++++ EXERCISE DATA ++++

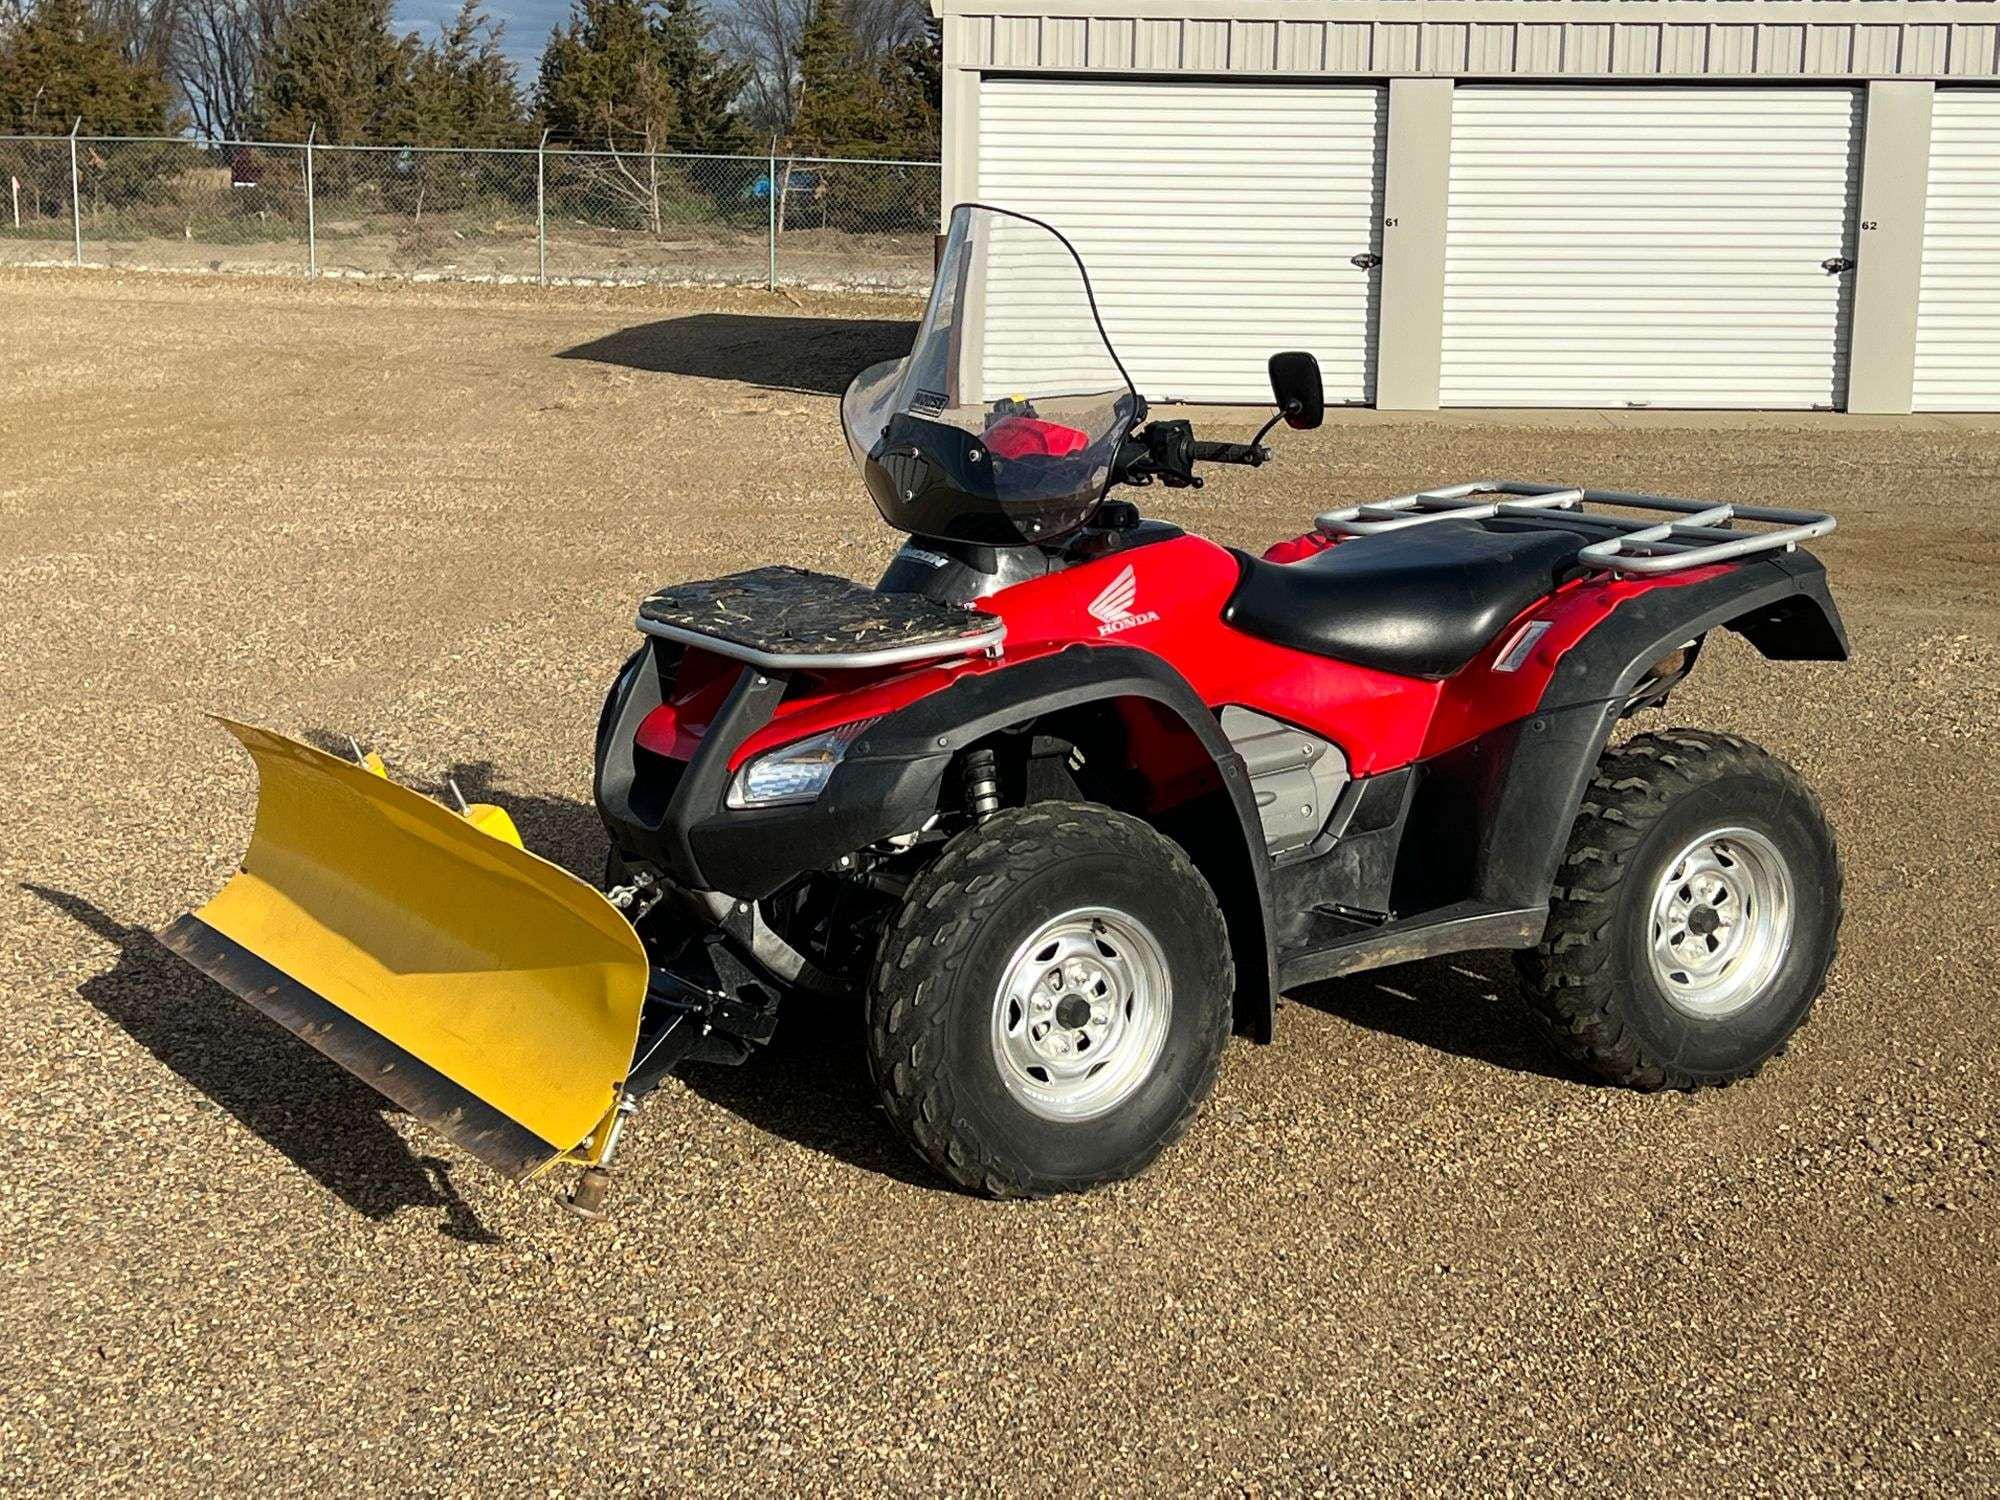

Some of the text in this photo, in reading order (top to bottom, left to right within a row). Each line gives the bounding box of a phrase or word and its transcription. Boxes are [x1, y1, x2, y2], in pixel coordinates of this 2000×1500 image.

[1385, 218, 1399, 227] 61
[1861, 221, 1878, 230] 62
[1097, 611, 1160, 637] HONDA
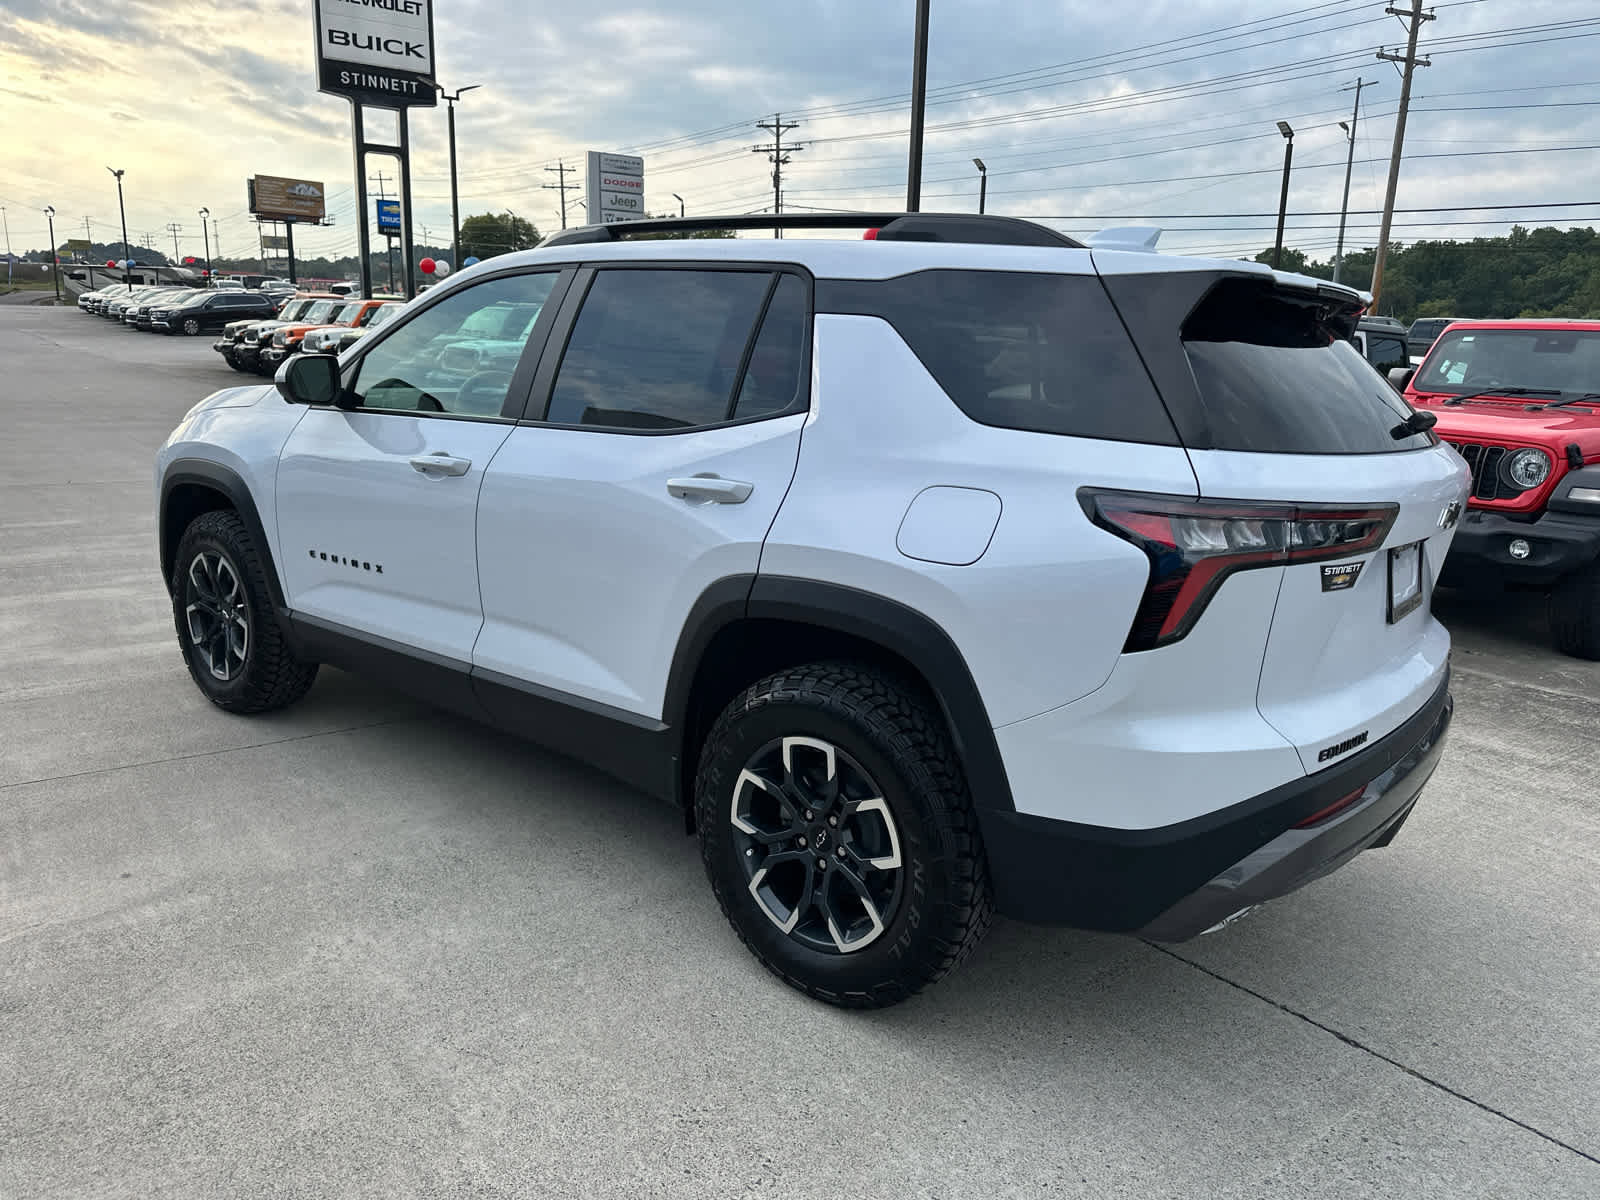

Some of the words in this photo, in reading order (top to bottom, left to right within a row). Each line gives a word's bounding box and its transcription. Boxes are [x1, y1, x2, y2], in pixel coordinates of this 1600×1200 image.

[338, 0, 423, 16] VROLET
[328, 29, 426, 59] BUICK
[340, 71, 418, 94] STINNETT
[604, 178, 641, 188] DODGE
[610, 195, 637, 208] Jeep
[308, 549, 383, 574] EQUINOX
[1324, 563, 1362, 575] STINNETT
[1318, 730, 1369, 762] EQUINOX
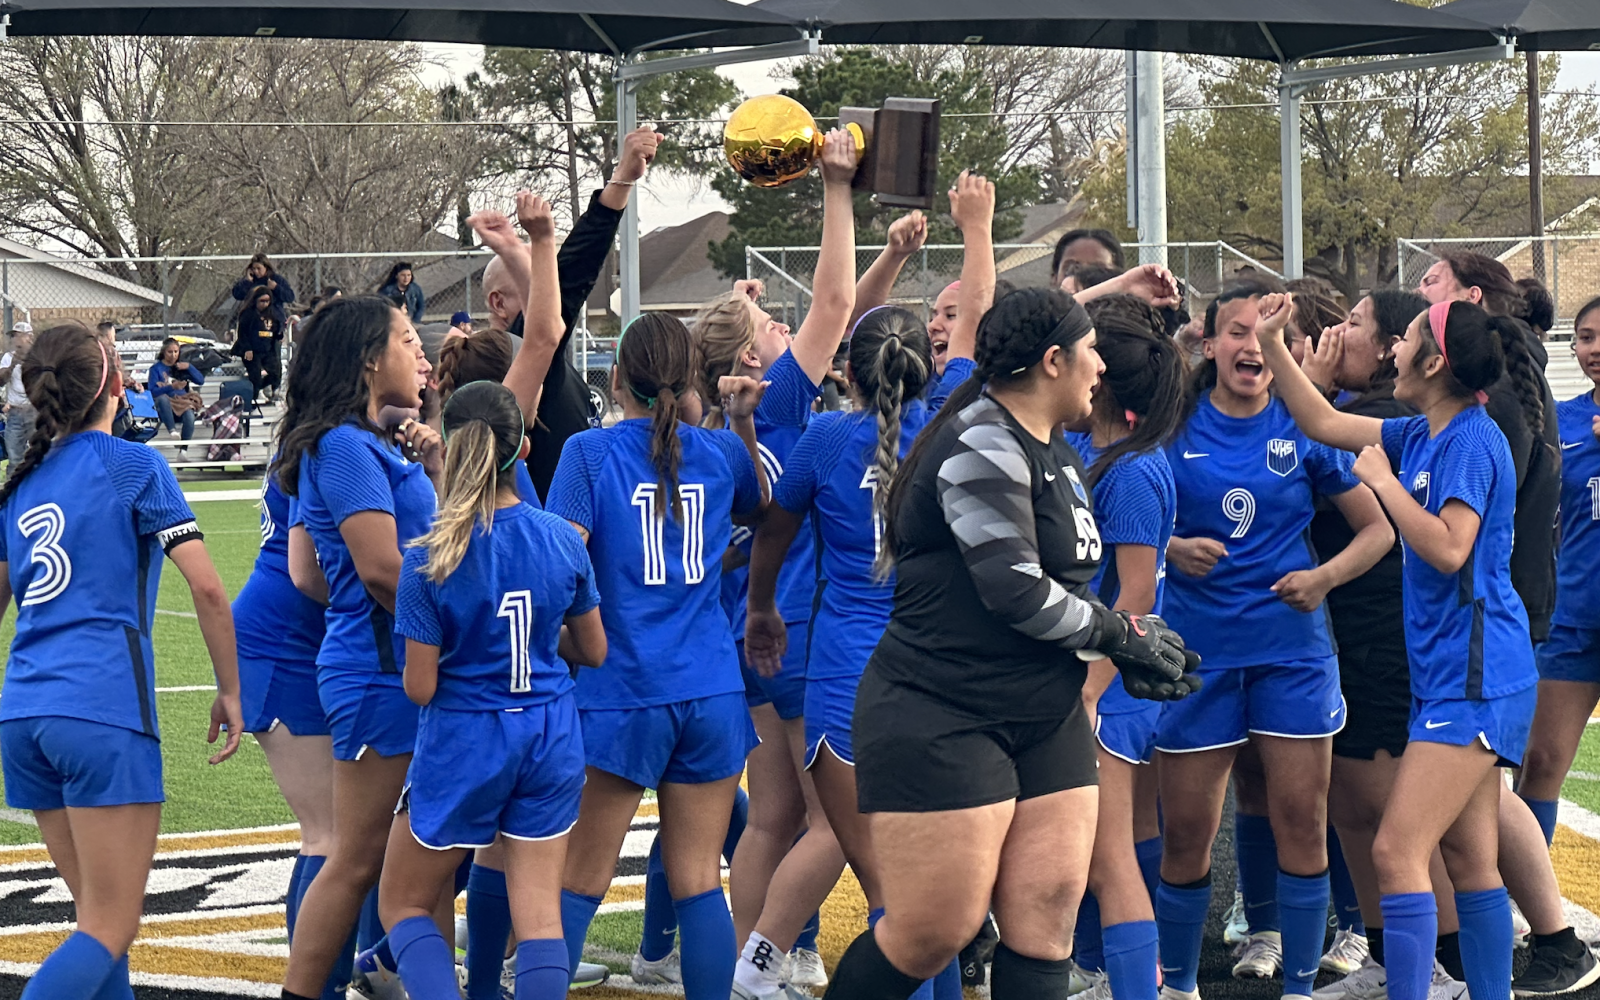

++++

Repeat the data in full and exactly. Omit pictures.

### RESULT OF THE EXERCISE
Some of the text in this photo, in reading order (top to bottom, left to right within a row). Each line gives the bounding box of a phrase or word and its transcription. Boxes are [x1, y1, x2, y2], in pixel coordinates of this 2000×1500 image.

[1385, 218, 1399, 227] 61
[1861, 221, 1878, 230] 62
[1097, 611, 1160, 637] HONDA

Some of the words in this photo, in reading order (top to bottom, left to right within a row). Each line gives a word's bounding box and its transcription. Boxes are [x1, y1, x2, y2], in pixel coordinates of this 1600×1200 image.

[338, 0, 423, 16] VROLET
[328, 29, 426, 59] BUICK
[340, 71, 418, 94] STINNETT
[604, 178, 641, 188] DODGE
[610, 195, 637, 208] Jeep
[308, 549, 383, 574] EQUINOX
[1324, 563, 1362, 575] STINNETT
[1318, 730, 1369, 762] EQUINOX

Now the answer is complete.